29. The instrumented sub of claim 28, wherein the body includes a
base pipe and a housing coupled to the base pipe and that surrounds
the base pipe, wherein the internal passage extends through the
base pipe and the housing holds one or more of the plurality of
sensors.
30. The instrumented sub of claim 28, wherein the top end of the
body defines a threaded connection end for threadably connecting to
a rotating member of a top drive unit, wherein the bottom end of
the body defines a threaded connection end for threadably
connecting to either: a) a top of a drill string tubular, b) a top
of a blowout preventer, or c) a saver sub.
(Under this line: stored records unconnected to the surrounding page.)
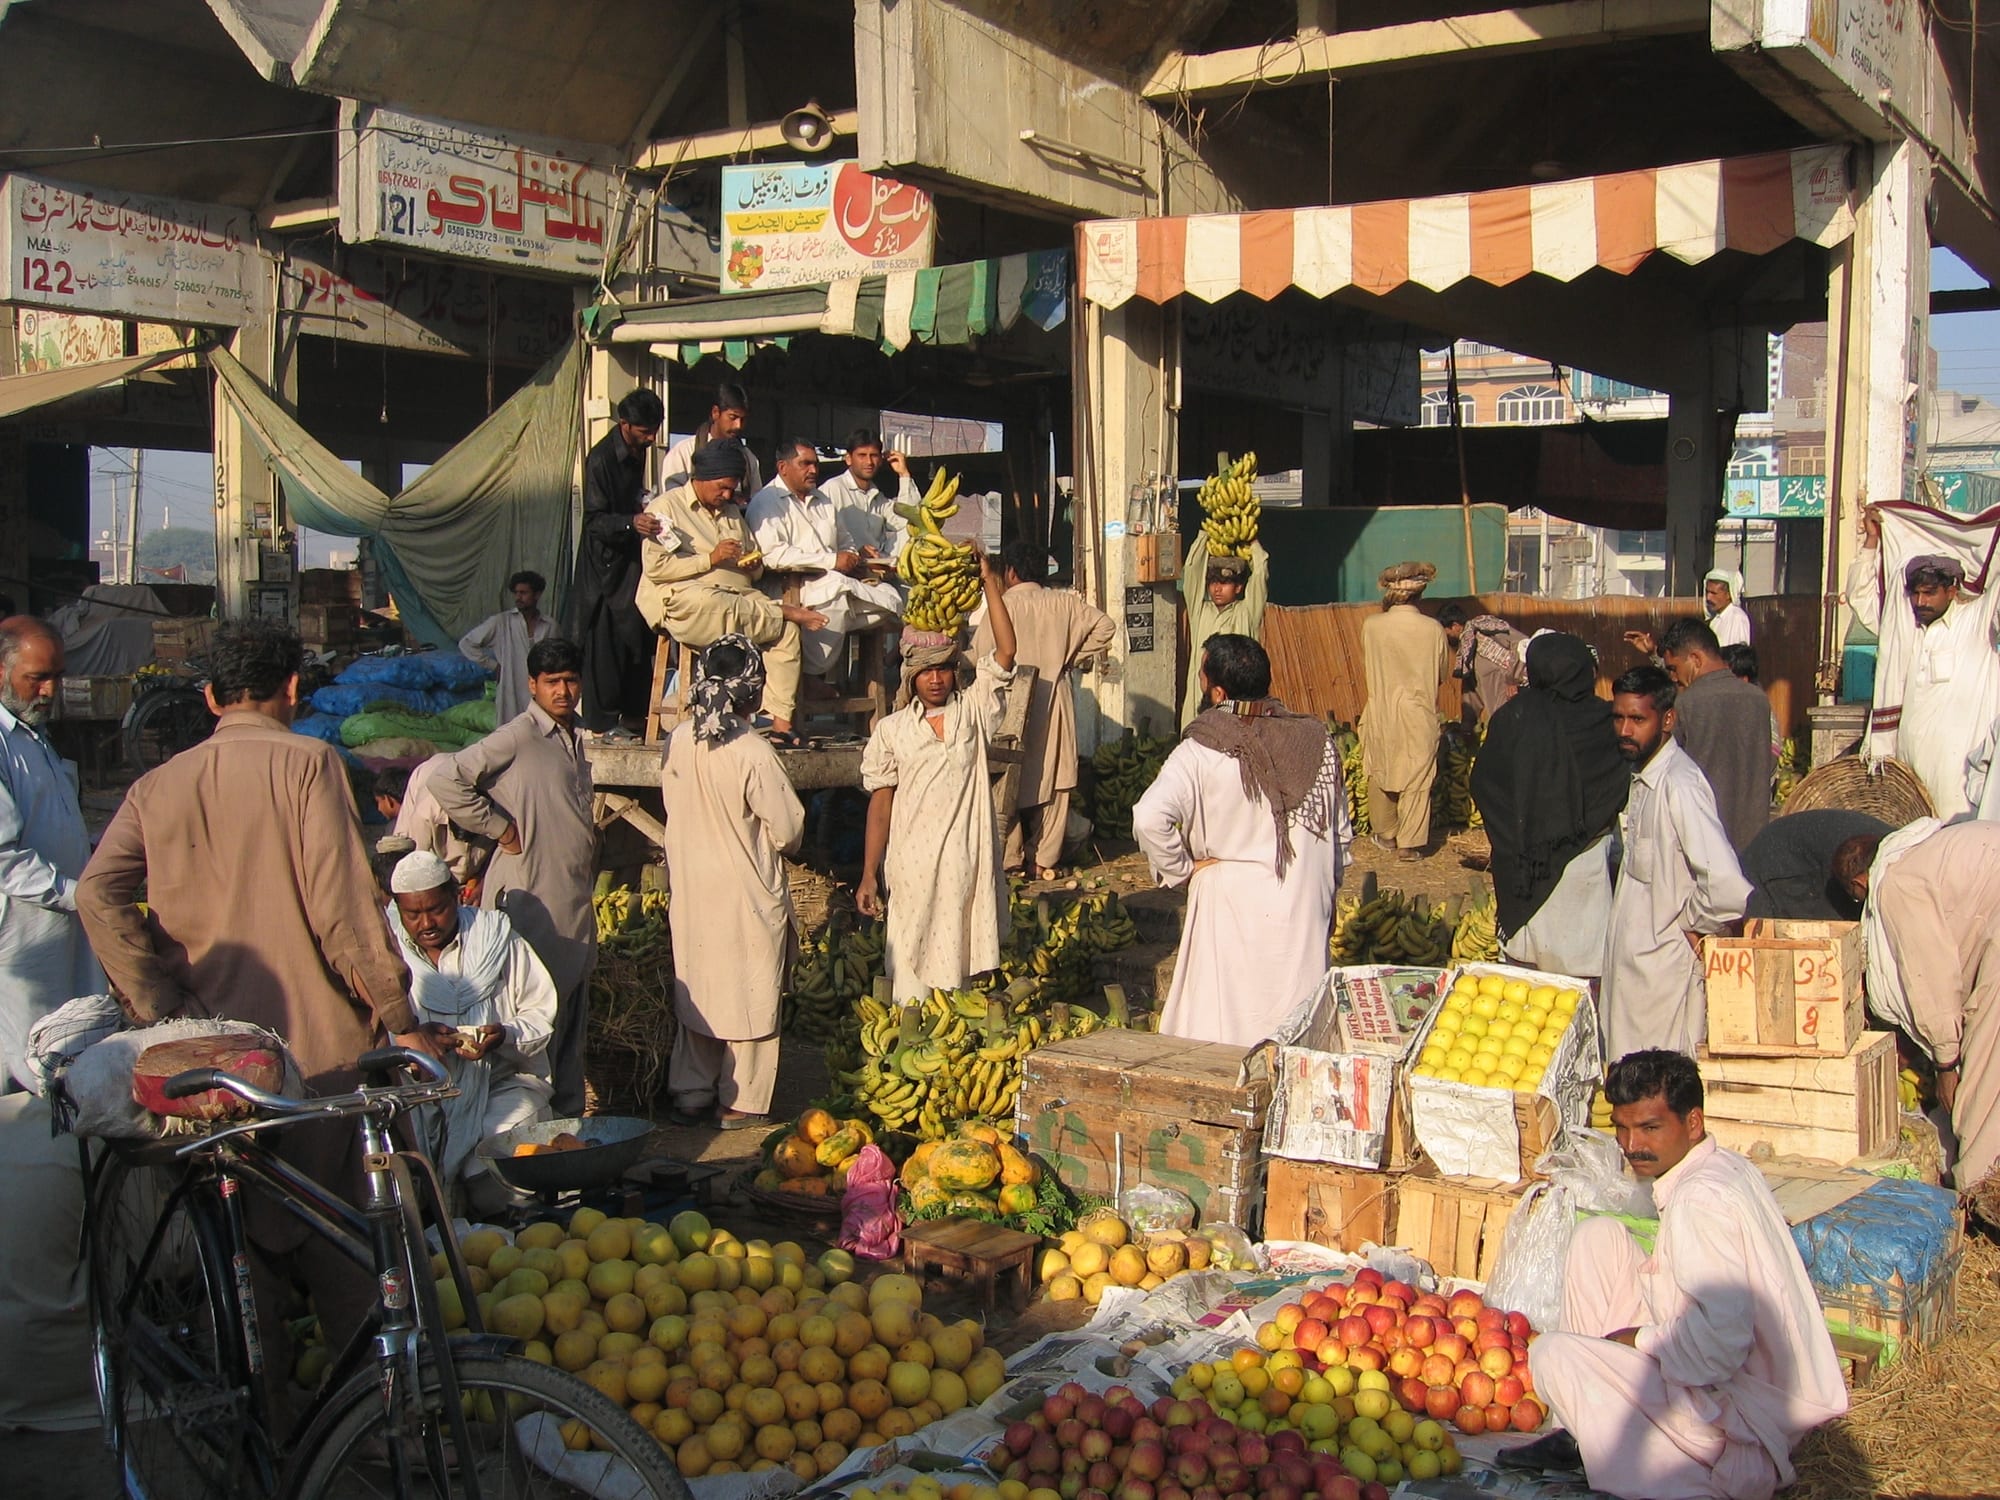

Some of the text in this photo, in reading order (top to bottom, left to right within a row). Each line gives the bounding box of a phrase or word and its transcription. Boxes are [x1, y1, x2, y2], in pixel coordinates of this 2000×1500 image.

[380, 190, 415, 236] 121
[23, 256, 74, 294] 122
[216, 440, 226, 509] 123
[1794, 956, 1837, 987] 35
[1378, 1018, 1393, 1034] his
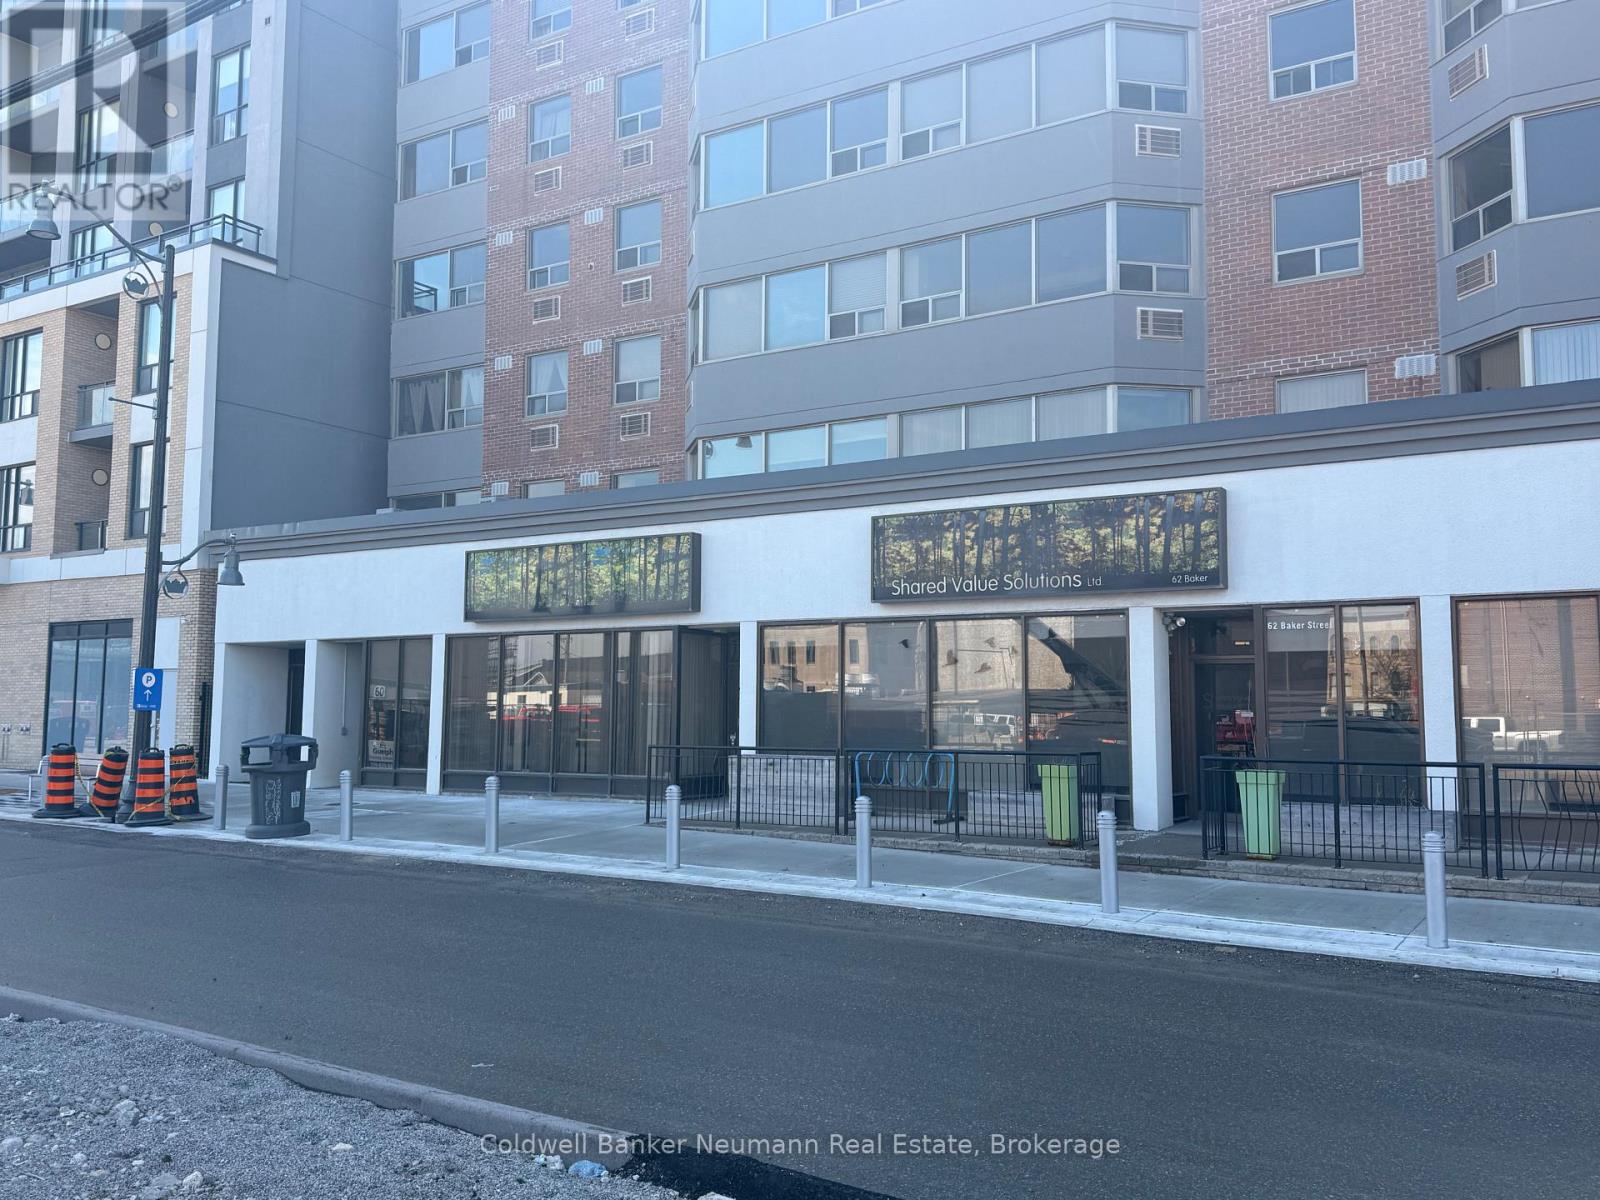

31. The instrumented sub of claim 28, further comprising a power
assembly configured to supply power to the sensors, the controller,
and the communication device.
32. The instrumented sub of claim 28, wherein the plurality of
sensors includes at least two of the same or different sensors of
any of the following sensors: a flow meter, a distance sensor, a
pressure sensor assembly, a strain gage, a gyrometer, a
magnetometer, a temperature sensor, and an accelerometer.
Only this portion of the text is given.